GOAL OF THE EXERCISE: Verbatim copy without pictures. Please print every entry as it stands.
(SUPPLIED MATERIAL begins)
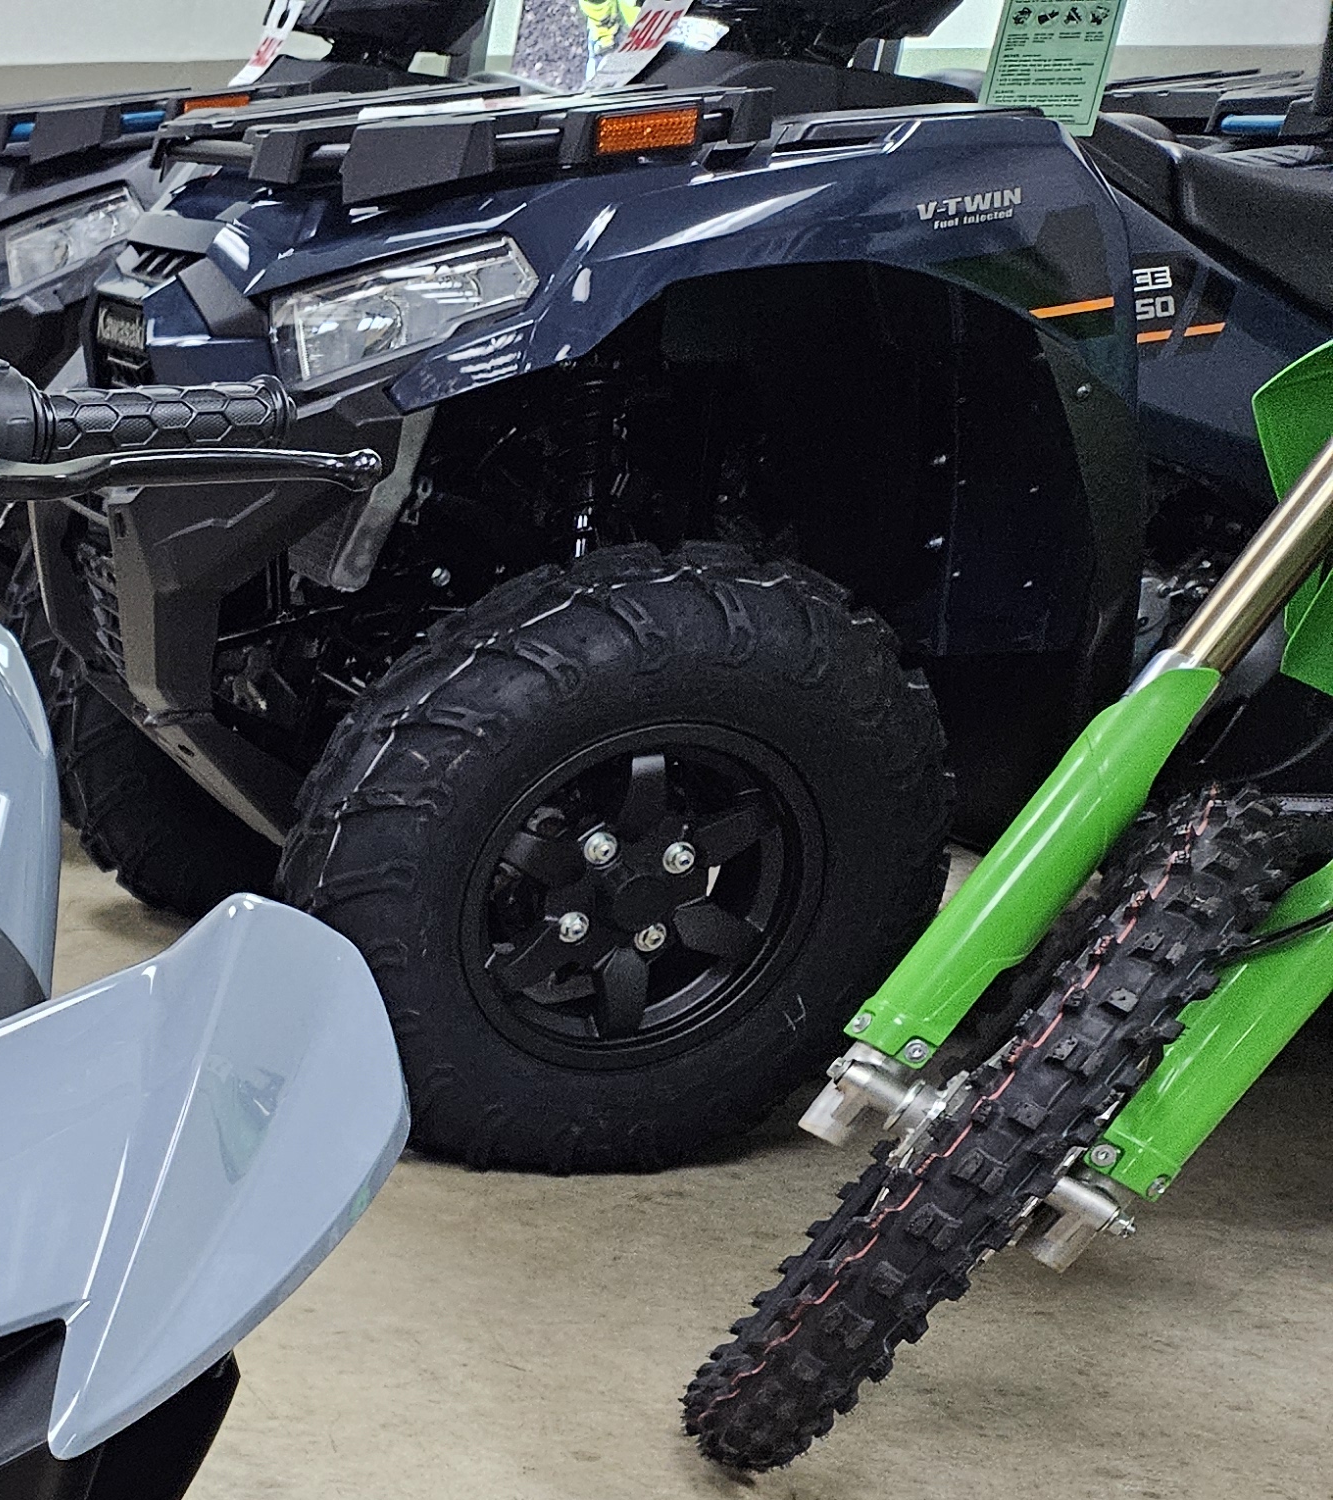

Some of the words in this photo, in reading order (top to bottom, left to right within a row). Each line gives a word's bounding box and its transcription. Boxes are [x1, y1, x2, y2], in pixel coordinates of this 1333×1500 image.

[917, 187, 1022, 221] V-TWIN
[934, 217, 960, 230] Fuel
[963, 208, 1014, 225] Injected
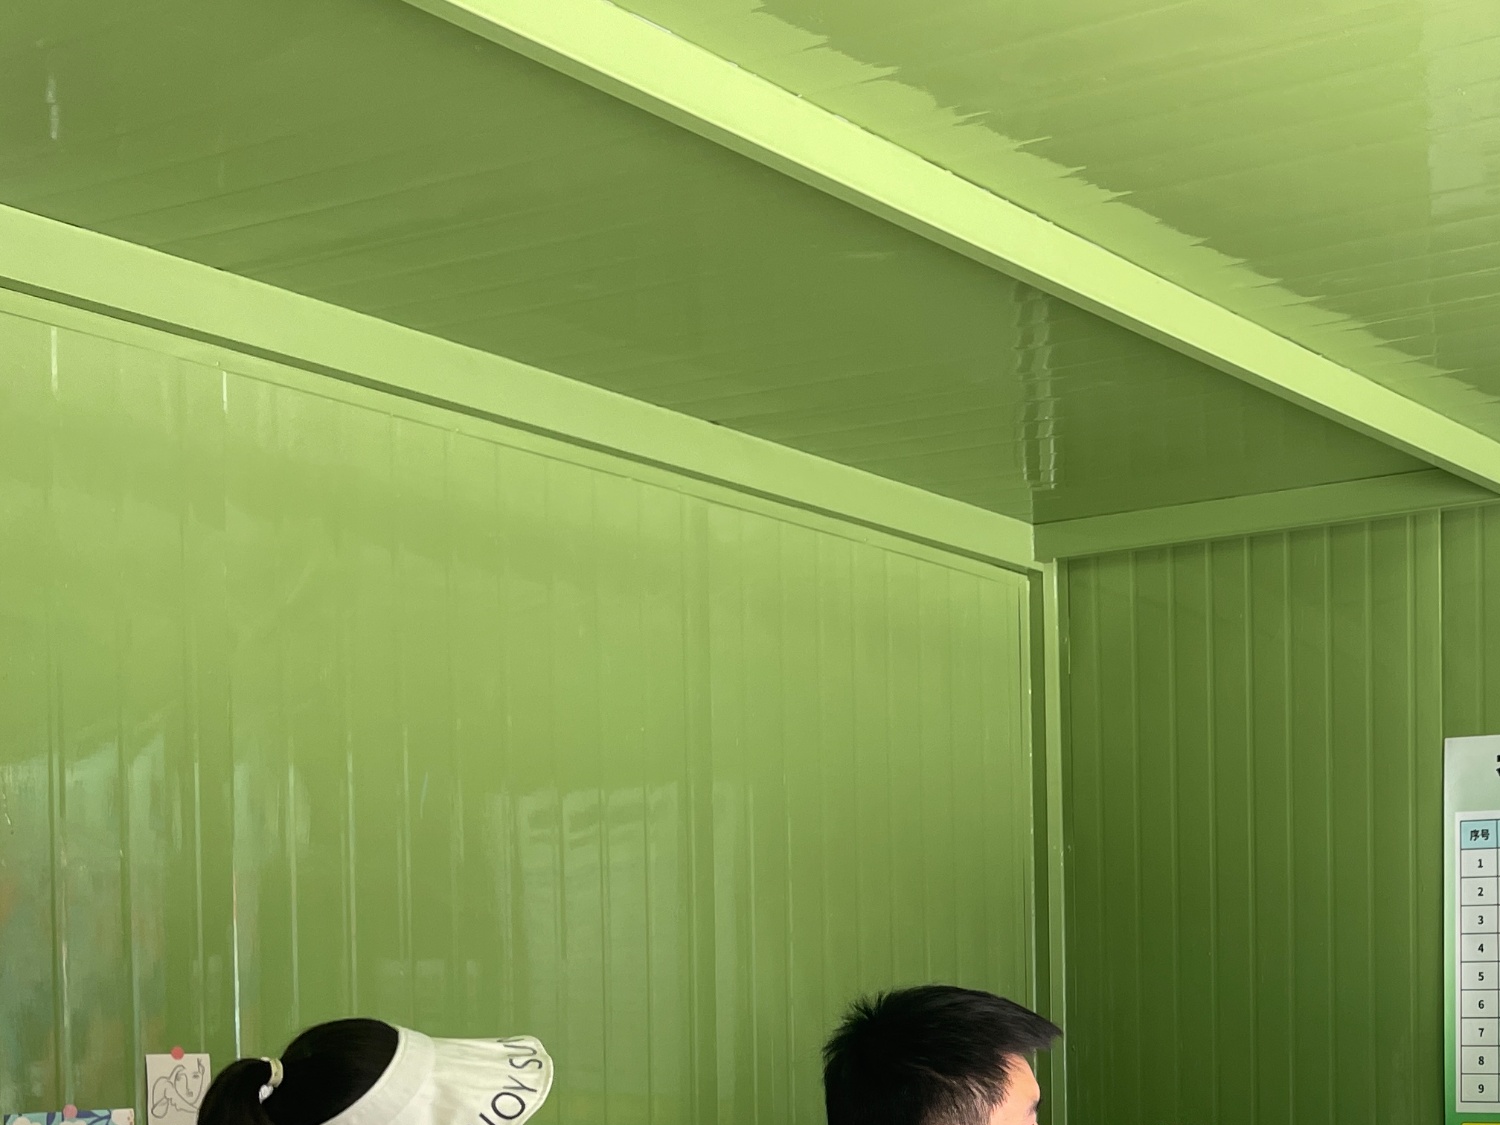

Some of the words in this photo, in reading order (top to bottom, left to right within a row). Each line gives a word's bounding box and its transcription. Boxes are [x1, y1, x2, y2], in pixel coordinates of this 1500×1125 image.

[1469, 828, 1490, 842] 序号
[1477, 858, 1484, 869] 1
[1477, 886, 1484, 897] 2
[1477, 914, 1484, 925] 3
[1477, 943, 1484, 953] 4
[1477, 971, 1485, 982] 5
[1477, 999, 1485, 1010] 6
[1478, 1027, 1485, 1038] 7
[1478, 1055, 1485, 1066] 8
[1477, 1083, 1485, 1094] 9
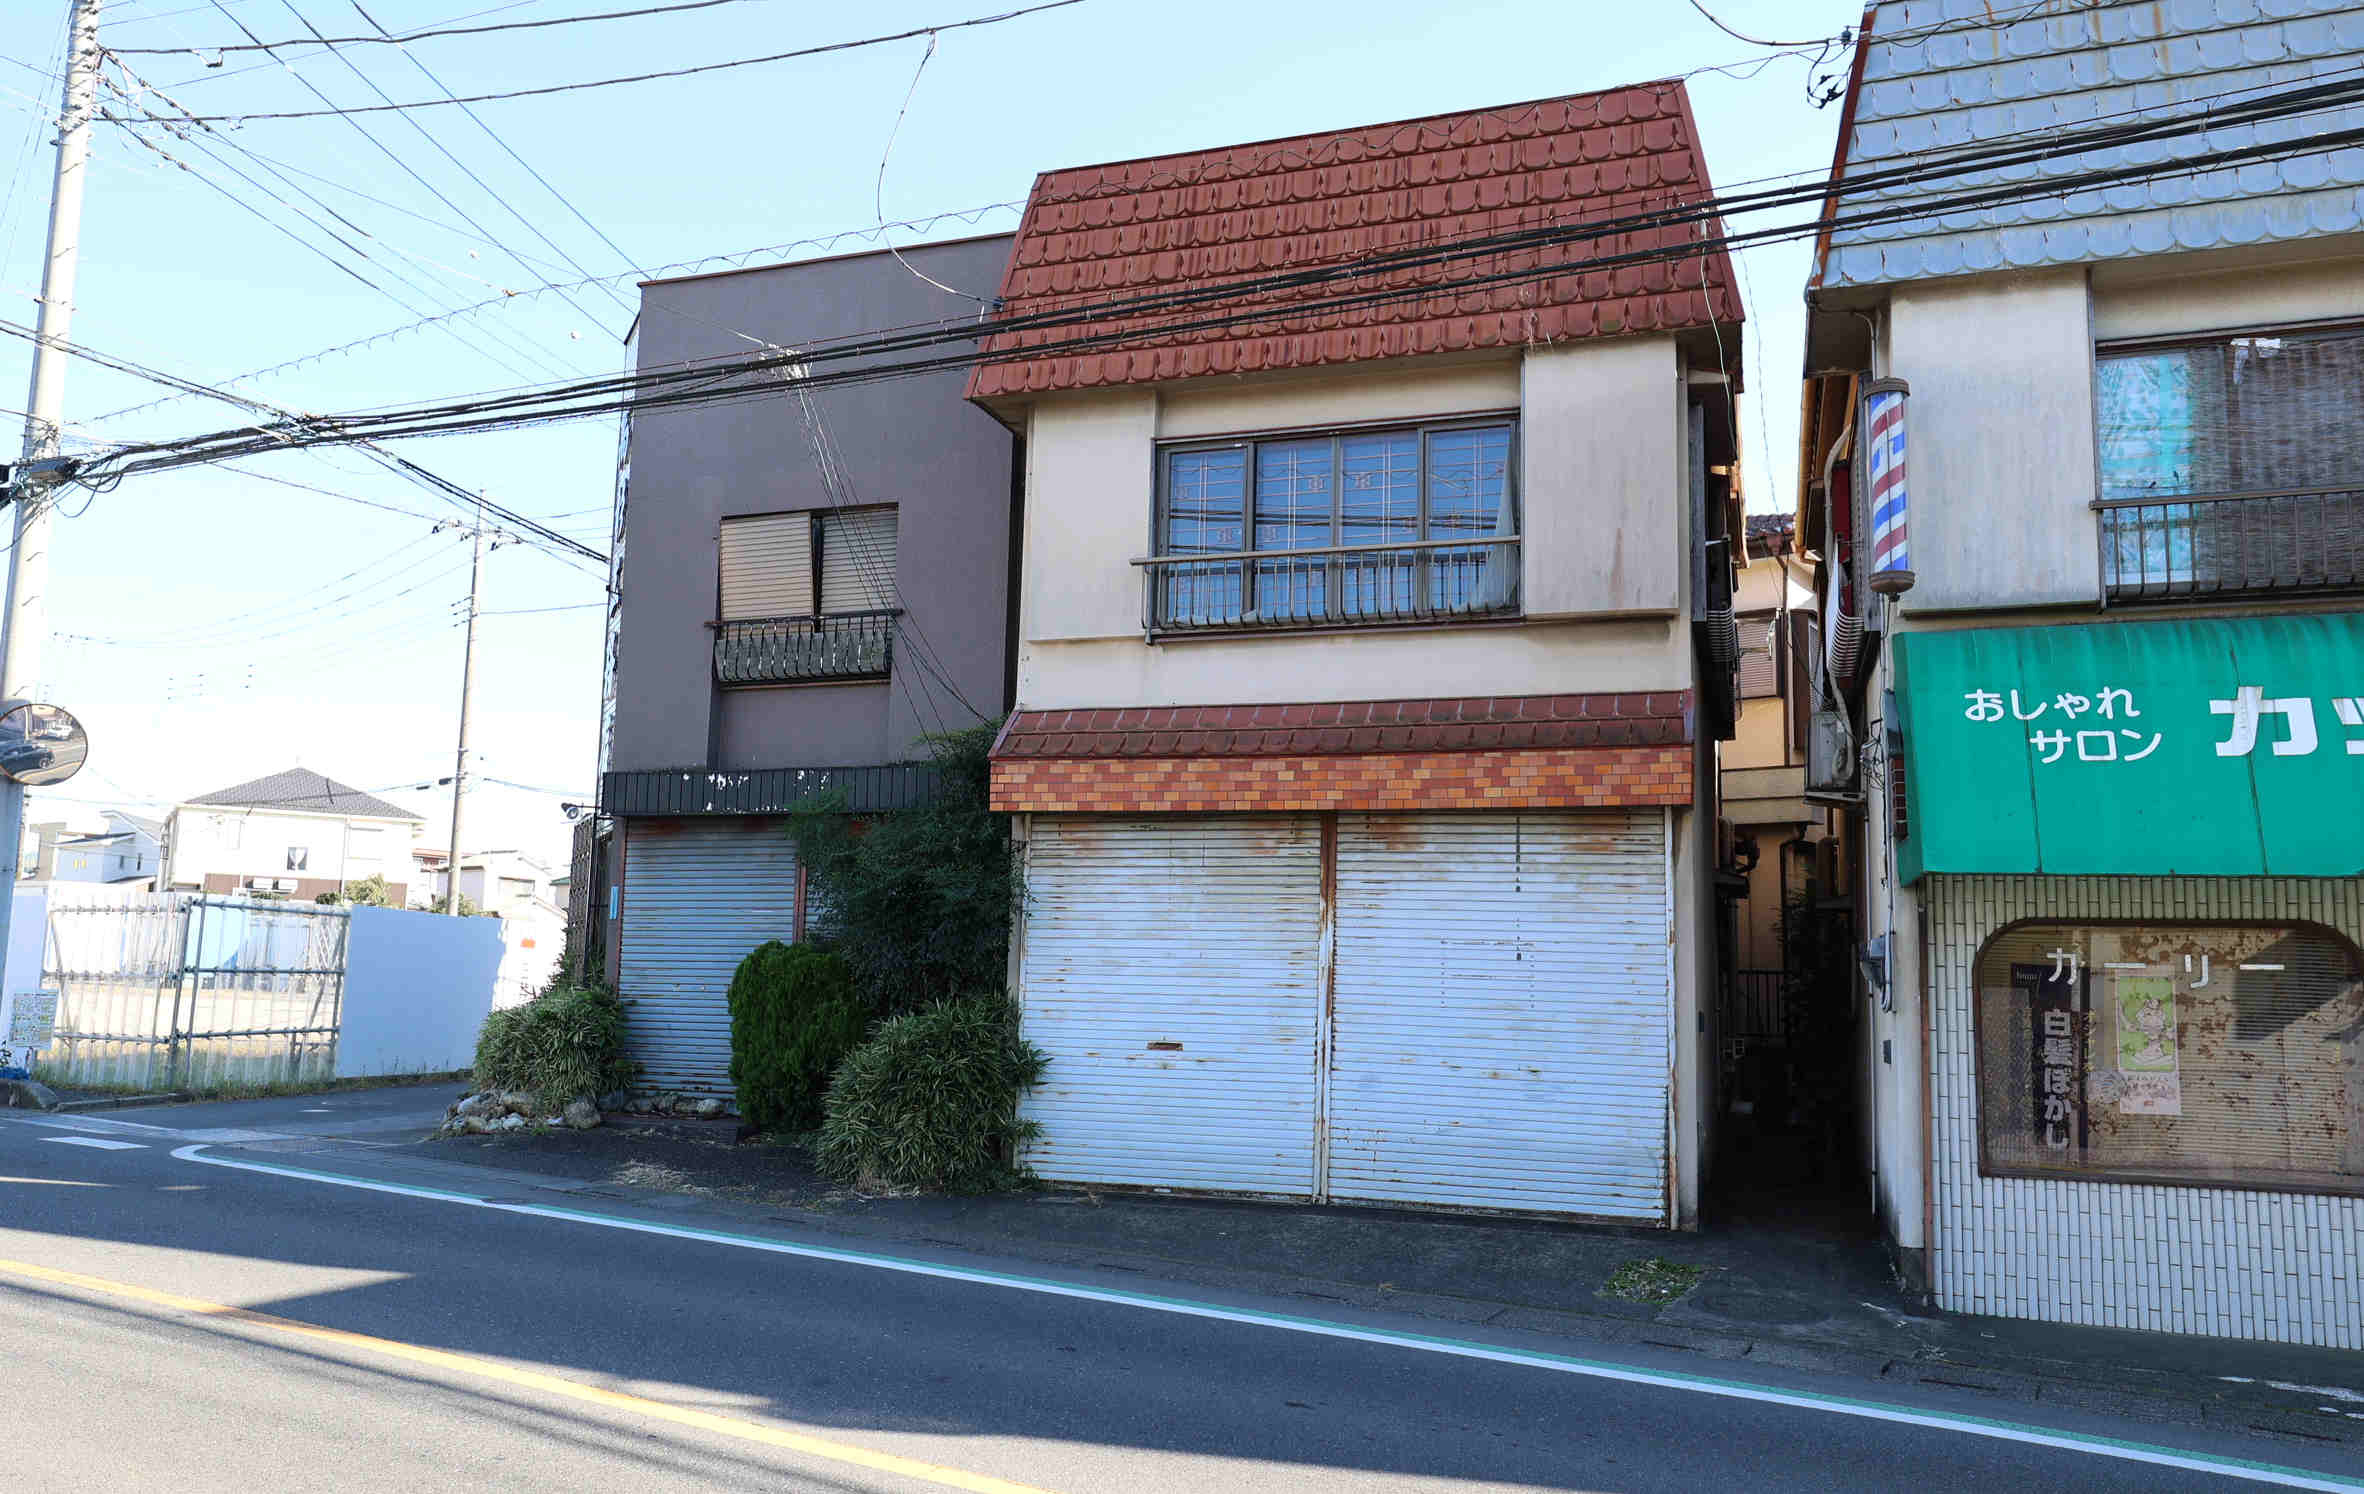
(SUPPLIED MATERIAL ends)
ANSWER TO THE PROBLEM:
Some of the words in this photo, in reading order (top to bottom, left to right within a row). Each line gives a word's bounding box and its transcription. Boxes are [x1, y1, x2, y2], in pixel coordinates of this 1333×1500 image.

[917, 187, 1022, 221] V-TWIN
[934, 217, 960, 230] Fuel
[963, 208, 1014, 225] Injected

Some of the words in this photo, in reading order (top to bottom, left to right within a row). Each line gives a word's bounding box and its transcription. Boxes are [x1, y1, x2, y2], in pixel coordinates of this 1500×1125 image.

[1469, 828, 1490, 842] 序号
[1477, 858, 1484, 869] 1
[1477, 886, 1484, 897] 2
[1477, 914, 1484, 925] 3
[1477, 943, 1484, 953] 4
[1477, 971, 1485, 982] 5
[1477, 999, 1485, 1010] 6
[1478, 1027, 1485, 1038] 7
[1478, 1055, 1485, 1066] 8
[1477, 1083, 1485, 1094] 9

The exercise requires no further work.